On Sunday, she goes back to Elk Point with a new bee crop. The ranger has signed off on this batch—thirty—and Delia is watching them again when Lila Foster comes back.

“More bees, Miss López?”

Delia likes being called miss. “Yes.” Politely, she asks, “How are you, Ms. Foster?”

The woman sits down. “You can call me Lila. I’m all right, I guess. Pretty warm this week.”

She’s still in the fatigues. Delia wonders if she knows how hot it’ll get in Maryland in May. She asks, “Are you living around here now?”

“Camping,” Lila says. “I did a lot of that in Iran. It’s hotter there, but not so humid.”

Delia thinks about asking her what it’s like in another country. Instead, she remembers something from last week.

“Why aren’t you Gloria Rodriguez anymore?”

Now she’s being what Mom calls fisgón. Nosy. For a second Lila looks surprised. Delia wonders if she’ll get angry, but then Lila says, “My parents named me Gloria. They were from Mexico. They came here almost twenty years ago.”

That’s way before Delia was born. Lila continues, keeping her eyes on the laurel.

“We crossed the Rio Grande down in Texas. I was about two years old.” Her voice is flat but steady, the words marching out like soldiers. “The thing was, we weren’t supposed to be here. We were illegals.” Delia knows what that means. Lila says, “So there were soldiers, police, and they caught us. They sent my parents back to Mexico. They kept me here.”

Delia doesn’t understand. “Kept you?”

Now Lila looks at her. The pain in her face grips Delia by the throat.

“They separated a lot of kids and parents back then. I guess they lost track of who belonged to who.” She smiles, but it looks like somebody else is pushing her mouth up at the corners. “Anyway, my mom and dad were gone, so I got put up for adoption. That’s how I became Lila.”

Delia pictures some faceless person taking her from Mom and Dad. Her stomach clenches like a fist. “But maybe you could find them again,” she says. “Your parents. If you went back to Mexico.”

Lila shakes her head. “I don’t remember their names. Sometimes I’ve thought, maybe I could go to Mexico City and just look around, or something, but there’s really nothing left for me there.”

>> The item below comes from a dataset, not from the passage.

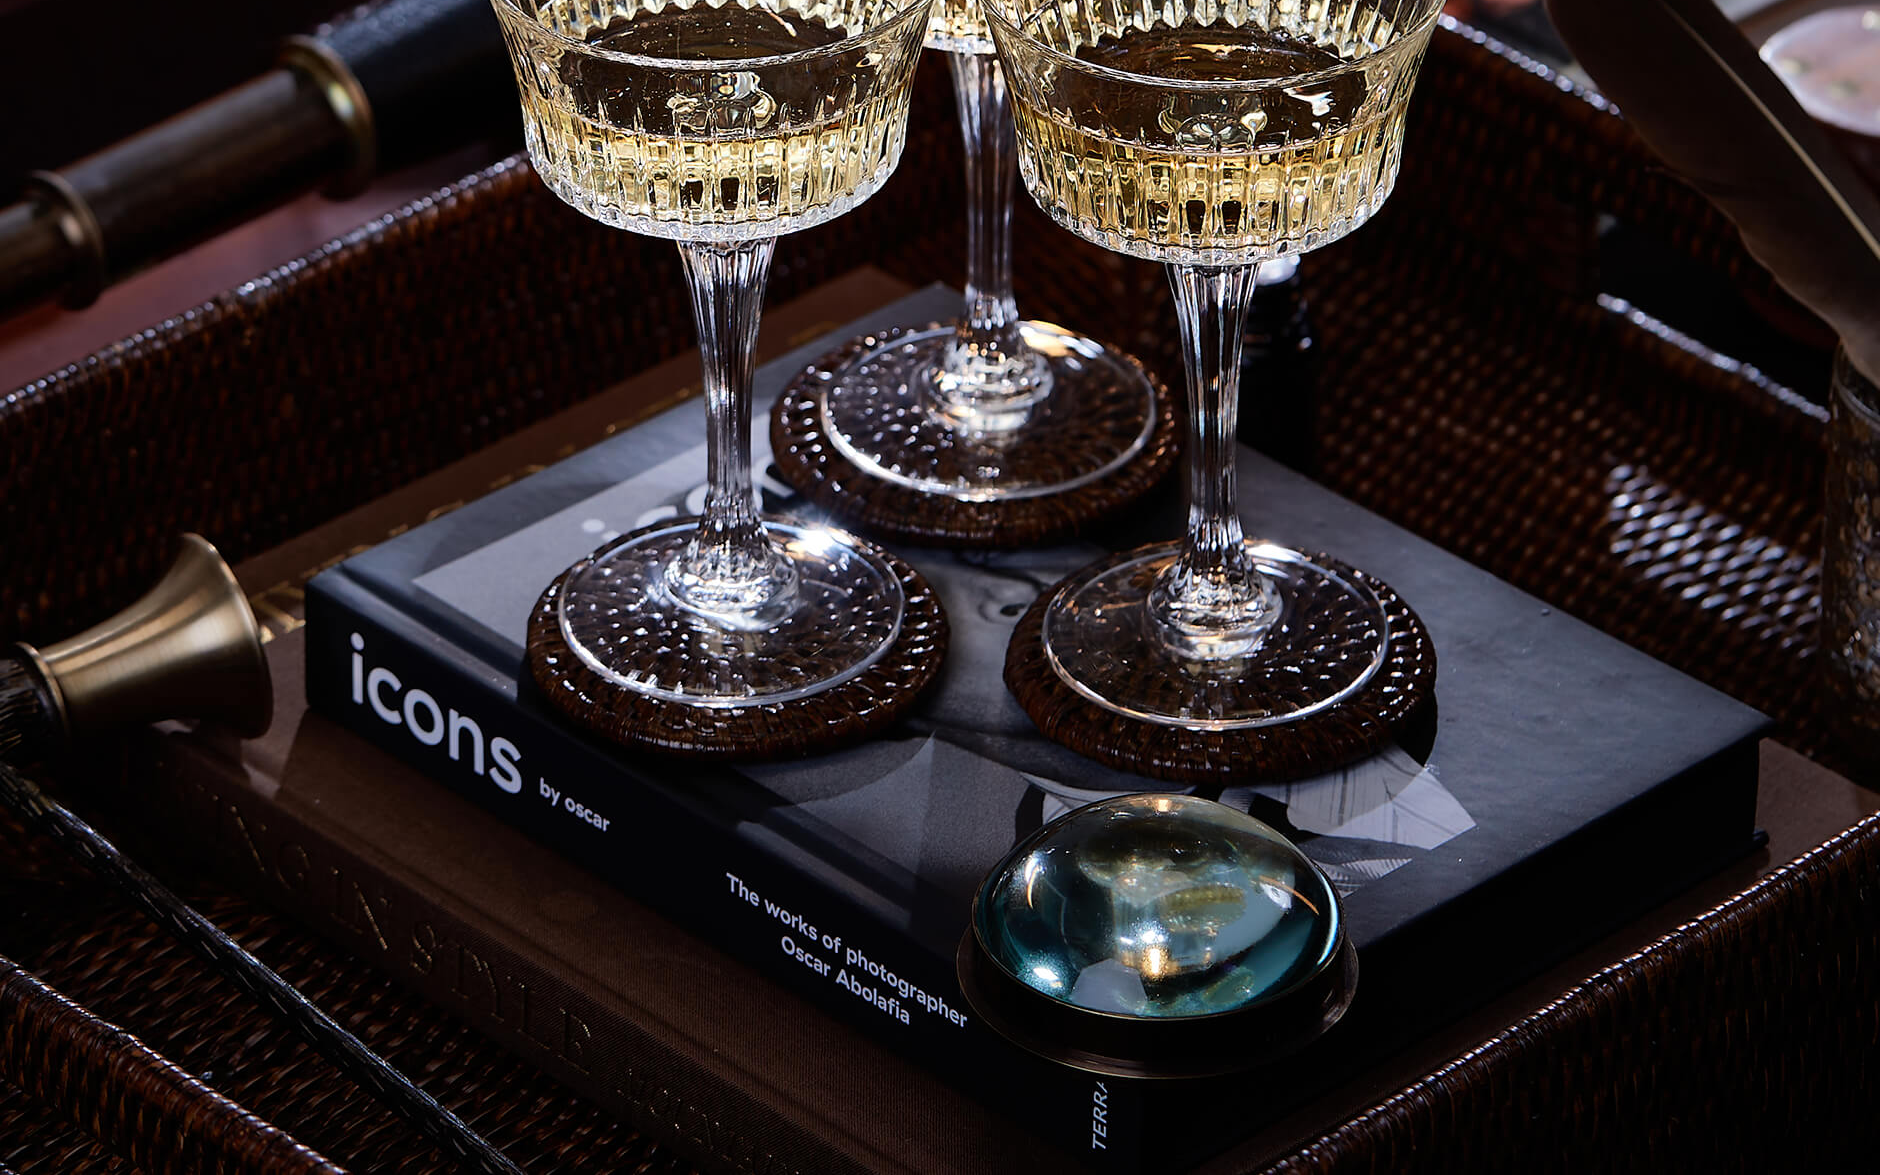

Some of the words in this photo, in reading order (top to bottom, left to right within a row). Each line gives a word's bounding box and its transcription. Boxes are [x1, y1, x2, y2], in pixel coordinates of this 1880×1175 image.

Delia remembers the story about the monarchs getting to their winter home and finding the trees gone. How they gave up, folded their beautiful wings and let themselves fall to the ground. Tears prickle under her eyelids.

She doesn’t let them out, but Lila seems to notice something. “That’s too sad of a story for a pretty day,” the woman says. She stands up and dusts her hands on her pant legs. “Don’t worry about me, Miss López. Will you come back again next week?”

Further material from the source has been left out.